Je me souviens aussi d’une de ses rares escales furtives à Nouadhibou, par le Skyvan du GARIM, venu se ravitailler en carburant et où je vins l’accueillir à l’aéroport. Cet homme si calme, dont on pouvait même deviner les ordres, au seul regard si expressif, était dans une colère noire puisque les services carburants de l’aéroport exigeaient des formalités administratives car le GARIM était endetté auprès d’eux. Je le vis sommer de faire livrer le carburant dans un délai de 15 minutes faute de quoi, il ferait investir la soute à carburant de l’aéroport ! N’ayant pas d’hommes sur place et pour cause, il m’intima l’ordre de faire venir une escouade de la Marine. Je n’y comprenais rien car j’étais plutôt d’avis de faire respecter les procédures administratives, tout frais émoulu que j’étais des Ecoles de formation. Quand je le lui faisais remarquer, il me toisa de son regard d’aigle et me rétorqua qu’il faudrait que j’apprenne dorénavant ce qu’était un ordre de priorité et l’apprendre aussi aux civils peu initiés à ces faits. Le pilote civil français du Skyvan, le téméraire Benzoni, en était si ravi qu’il m’apostropha : « Il est des choses, jeune homme, qu’on apprend sur le terrain, avec les aînés. Et avec celui-là, vous allez être servis ! ». J’en restai perplexe, jusqu’à les voir décoller. Mon escouade de marins, venue « batailler » pour le carburant, lui rendit les honneurs, sans se préoccuper du protocole militaire.

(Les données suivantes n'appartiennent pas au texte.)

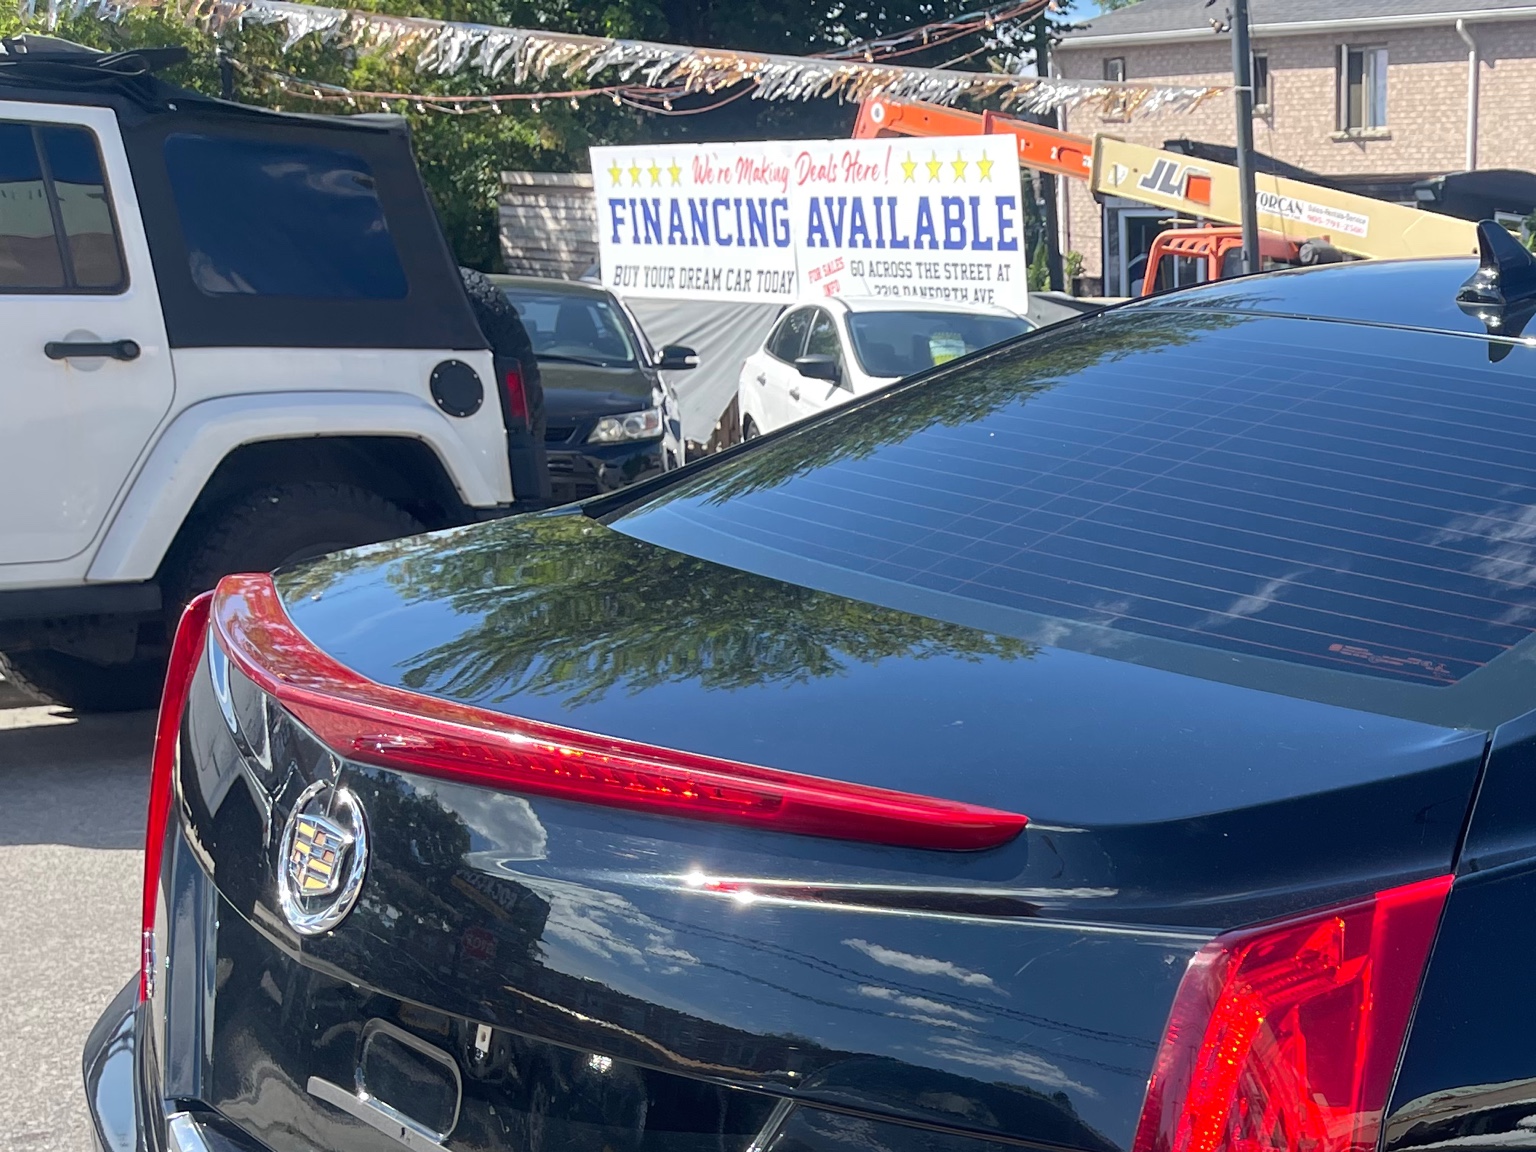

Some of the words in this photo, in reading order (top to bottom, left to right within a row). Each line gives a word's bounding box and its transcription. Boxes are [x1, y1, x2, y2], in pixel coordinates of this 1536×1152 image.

[692, 152, 732, 186] We're
[735, 154, 790, 194] Making
[795, 150, 838, 187] Deals
[608, 197, 791, 248] FINANCING
[806, 195, 1019, 252] AVAILABLE
[613, 264, 640, 288] BUY
[643, 265, 675, 290] YOUR
[678, 267, 722, 292] DREAM
[725, 268, 752, 293] CAR
[756, 269, 795, 295] TODAY
[807, 266, 822, 284] FOR
[822, 256, 845, 276] SALES
[850, 260, 865, 278] GO
[868, 260, 913, 280] ACROSS
[915, 262, 940, 280] THE
[943, 262, 992, 282] STREET
[996, 263, 1011, 282] AT
[973, 288, 995, 305] AVE
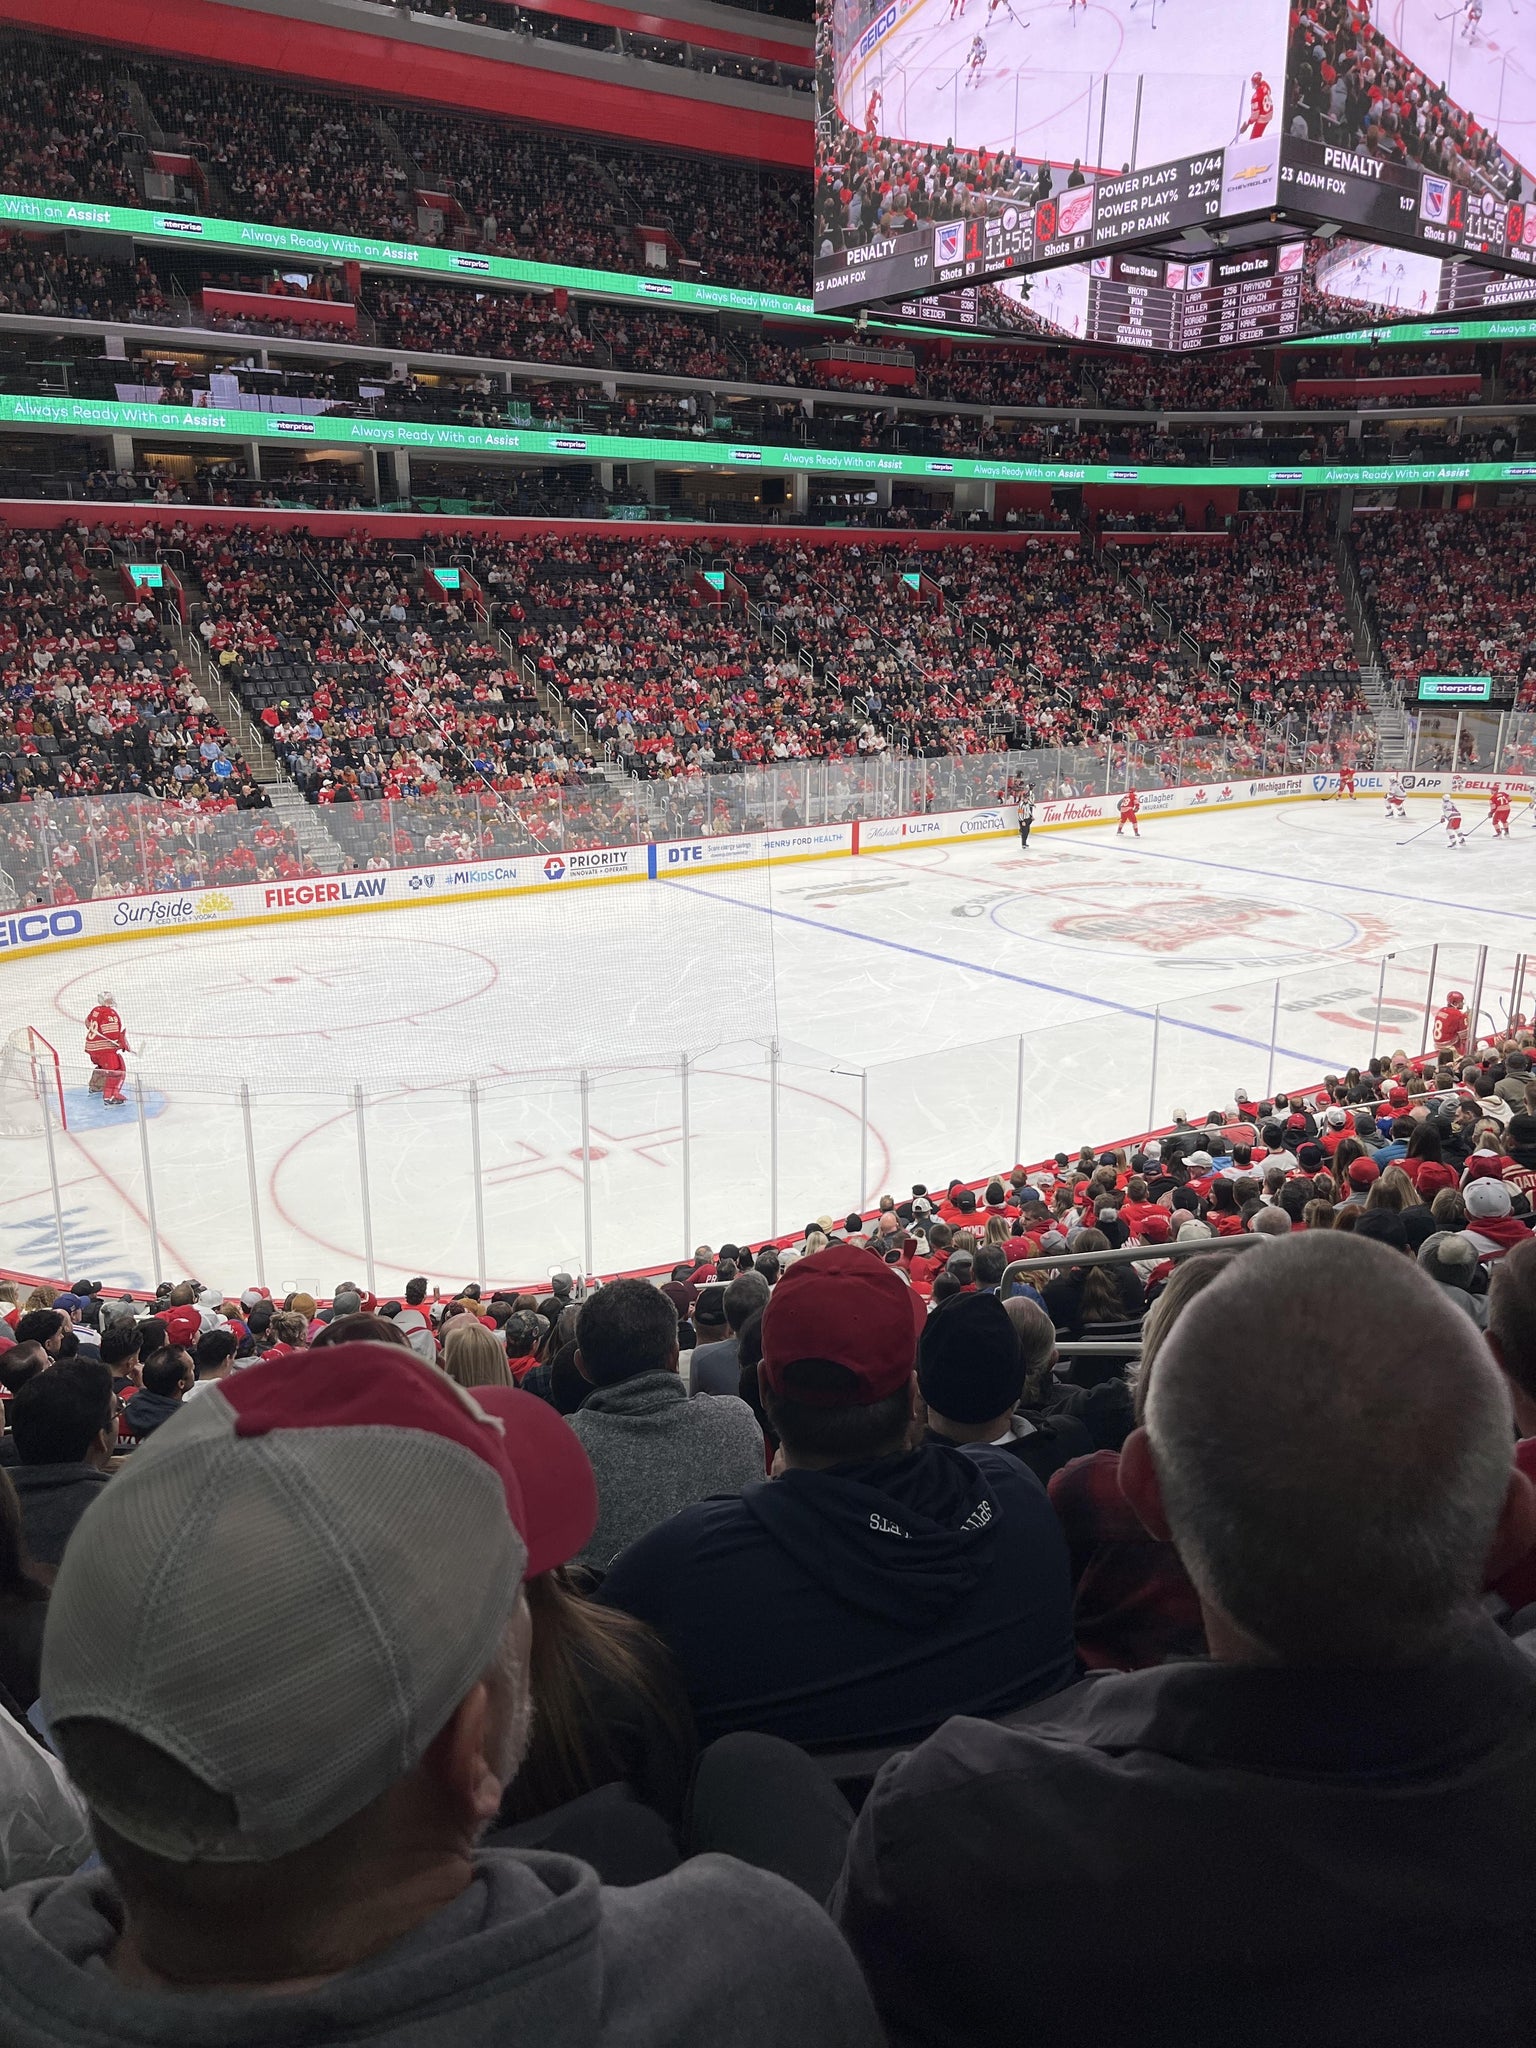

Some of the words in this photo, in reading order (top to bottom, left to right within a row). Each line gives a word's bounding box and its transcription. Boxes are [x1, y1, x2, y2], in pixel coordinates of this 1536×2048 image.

[860, 7, 896, 58] GEICO
[1324, 147, 1383, 178] PENALTY
[1099, 178, 1140, 199] POWER
[1142, 168, 1177, 188] PLAYS
[1190, 157, 1221, 176] 10/44
[1227, 178, 1272, 192] CHEVROLET
[1281, 167, 1293, 181] 23
[1296, 171, 1324, 190] ADAM
[1327, 178, 1346, 194] FOX
[1098, 202, 1138, 220] POWER
[1140, 189, 1178, 210] PLAY%
[1188, 179, 1219, 198] 22.7%
[1400, 197, 1414, 211] 1:17
[6, 201, 40, 215] With
[44, 207, 62, 218] an
[67, 207, 110, 223] Assist
[1449, 190, 1463, 229] 1
[155, 218, 202, 232] enterprise
[1037, 204, 1055, 241] 0
[1097, 226, 1118, 241] NHL
[1121, 219, 1135, 234] PP
[1138, 212, 1170, 230] RANK
[1205, 201, 1217, 214] 10
[1424, 226, 1445, 241] Shots
[1466, 215, 1504, 244] 11:56
[241, 227, 286, 245] Always
[291, 233, 329, 253] Ready
[332, 239, 361, 253] With
[365, 245, 380, 255] an
[382, 246, 419, 261] Assist
[966, 223, 982, 259] 1
[985, 229, 1032, 259] 11:56
[1464, 240, 1481, 251] Period
[847, 239, 896, 266] PENALTY
[1045, 242, 1069, 256] Shots
[1511, 248, 1530, 260] Shots
[452, 256, 489, 269] enterprise
[914, 255, 928, 267] 1:17
[985, 260, 1005, 272] Period
[1220, 265, 1240, 275] Time
[1242, 262, 1254, 271] On
[1255, 259, 1268, 268] Ice
[941, 268, 962, 281] Shots
[1121, 263, 1139, 275] Game
[1141, 266, 1157, 277] Stats
[639, 282, 672, 293] enterprise
[816, 282, 824, 292] 23
[827, 276, 849, 289] ADAM
[850, 271, 865, 282] FOX
[1243, 280, 1271, 292] RAYMOND
[1485, 279, 1536, 293] GIVEAWAY
[1128, 287, 1147, 296] SHOTS
[1242, 293, 1266, 304] LARKIN
[1483, 290, 1536, 305] TAKEAWAY
[696, 288, 727, 302] Always
[730, 292, 757, 306] Ready
[760, 297, 779, 309] With
[782, 302, 793, 310] an
[923, 309, 945, 319] SEIDER
[1129, 307, 1143, 315] HITS
[1185, 303, 1208, 314] MILLER
[1241, 303, 1276, 316] DEBRINCAT
[1118, 325, 1152, 336] GIVEAWAYS
[1240, 329, 1263, 339] SEIDER
[1489, 324, 1525, 336] Always
[1116, 335, 1152, 346] TAKEAWAYS
[15, 402, 68, 421] Always
[73, 405, 119, 426] Ready
[122, 409, 158, 423] With
[162, 413, 179, 424] an
[183, 414, 226, 428] Assist
[268, 420, 314, 432] enterprise
[352, 424, 394, 441] Always
[398, 429, 434, 445] Ready
[437, 431, 463, 443] With
[467, 435, 481, 444] an
[485, 434, 519, 446] Assist
[550, 439, 585, 449] enterprise
[730, 450, 761, 460] enterprise
[783, 453, 814, 466] Always
[817, 456, 842, 468] Ready
[844, 457, 862, 467] With
[866, 459, 876, 467] an
[878, 459, 902, 469] Assist
[927, 463, 953, 472] enterprise
[974, 465, 1000, 477] Always
[1002, 467, 1023, 479] Ready
[1025, 468, 1042, 477] With
[1058, 468, 1084, 479] Assist
[1108, 471, 1137, 479] enterprise
[1270, 472, 1302, 480] enterprise
[1326, 471, 1359, 482] Always
[1362, 470, 1393, 482] Ready
[1396, 469, 1419, 478] With
[1423, 469, 1435, 477] an
[1438, 468, 1470, 478] Assist
[1427, 684, 1484, 693] enterprise
[1258, 783, 1286, 792] Michigan
[1329, 778, 1382, 787] FADUEL
[1465, 781, 1499, 789] BELLE
[1139, 793, 1174, 803] Gallagher
[1043, 806, 1061, 822] Tim
[1062, 803, 1102, 820] Hortons
[909, 822, 940, 833] ULTRA
[960, 817, 1005, 834] Comerica
[763, 837, 790, 849] HENRY
[793, 836, 812, 846] FORD
[814, 834, 843, 843] HEALTH
[570, 852, 627, 867] PRIORITY
[669, 846, 702, 863] DTE
[265, 878, 387, 908] FIEGERLAW
[114, 898, 193, 926] Surfside
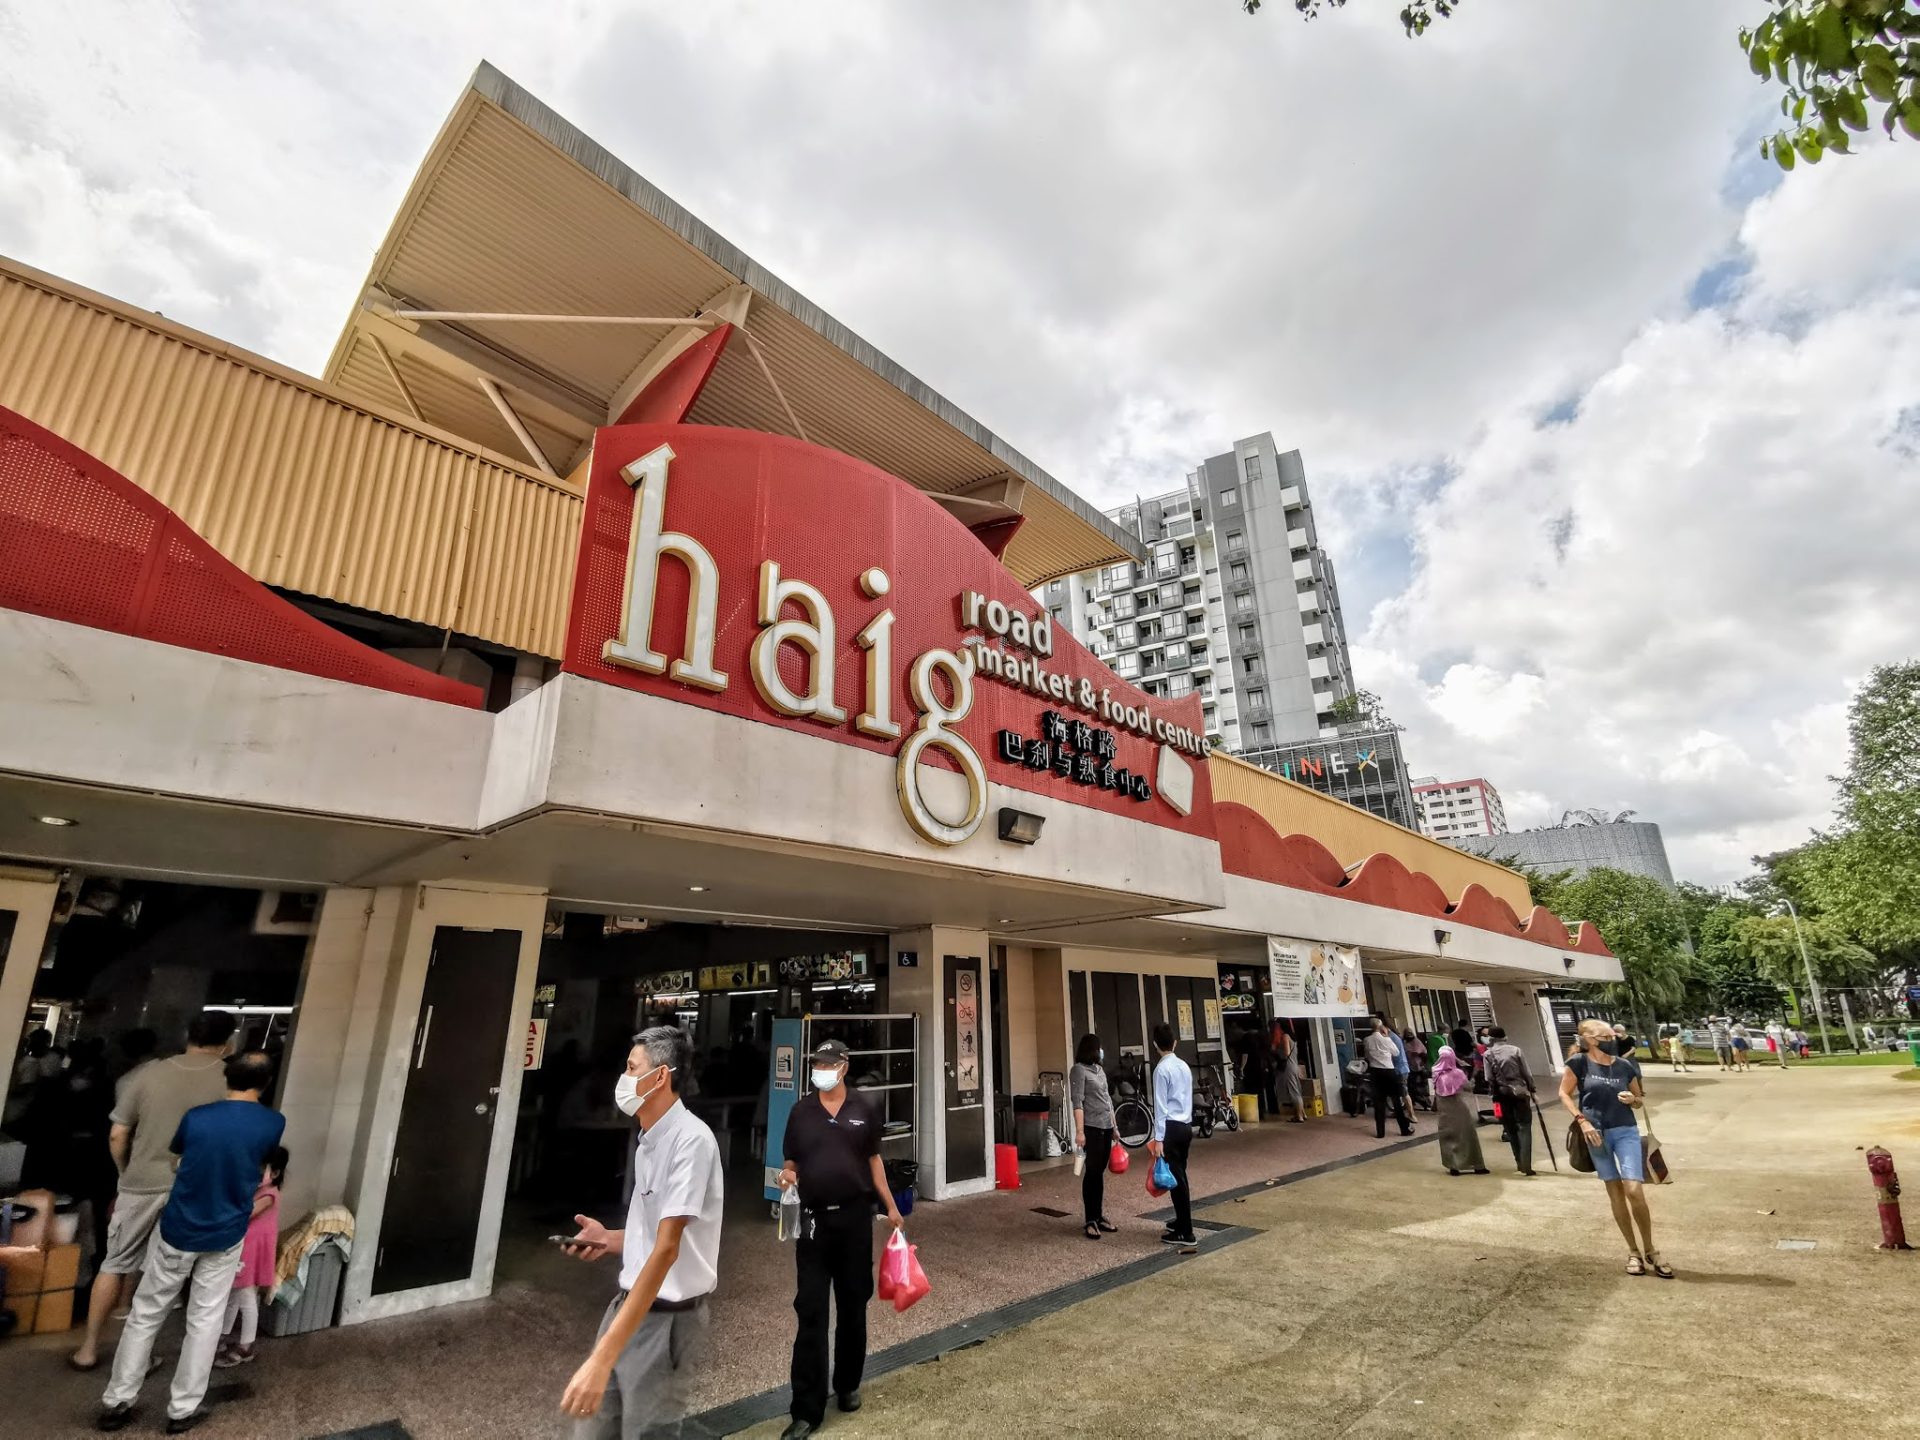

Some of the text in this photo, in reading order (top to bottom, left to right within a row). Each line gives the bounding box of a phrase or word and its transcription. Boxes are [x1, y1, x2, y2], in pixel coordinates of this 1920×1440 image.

Pendant toute la guerre, j’apprenais beaucoup par les écoutes mises en place par les puissants émetteurs/récepteurs de la Marine, installés au PRM de la Base. Nous demandions à ce que nos opérateurs pénétrassent les réseaux de commandement. Le PRM était commandé, par coïncidence, par le Premier-maître Amadou Alassane Yall, frère cadet du Capitaine. Ces écoutes nous permirent de suivre le cours dramatique de cette guerre féroce. J’apprenais beaucoup de lui car il m’arrivait de me faire introduire dans le réseau pour lui parler. J’étais étonné par le ton, calme, rassurant, un tantinet humoristique de cet homme, chargé de la difficile logistique d’une armée en guerre et très peu soutenu par un Etat que le lourd fardeau avait rendu déliquescent ! Mais ça, ne pouvait le savoir que les militaires, dont les frères d’armes tombaient, héroïquement, comme des mouches, devant la redoutable puissance de feu algérienne.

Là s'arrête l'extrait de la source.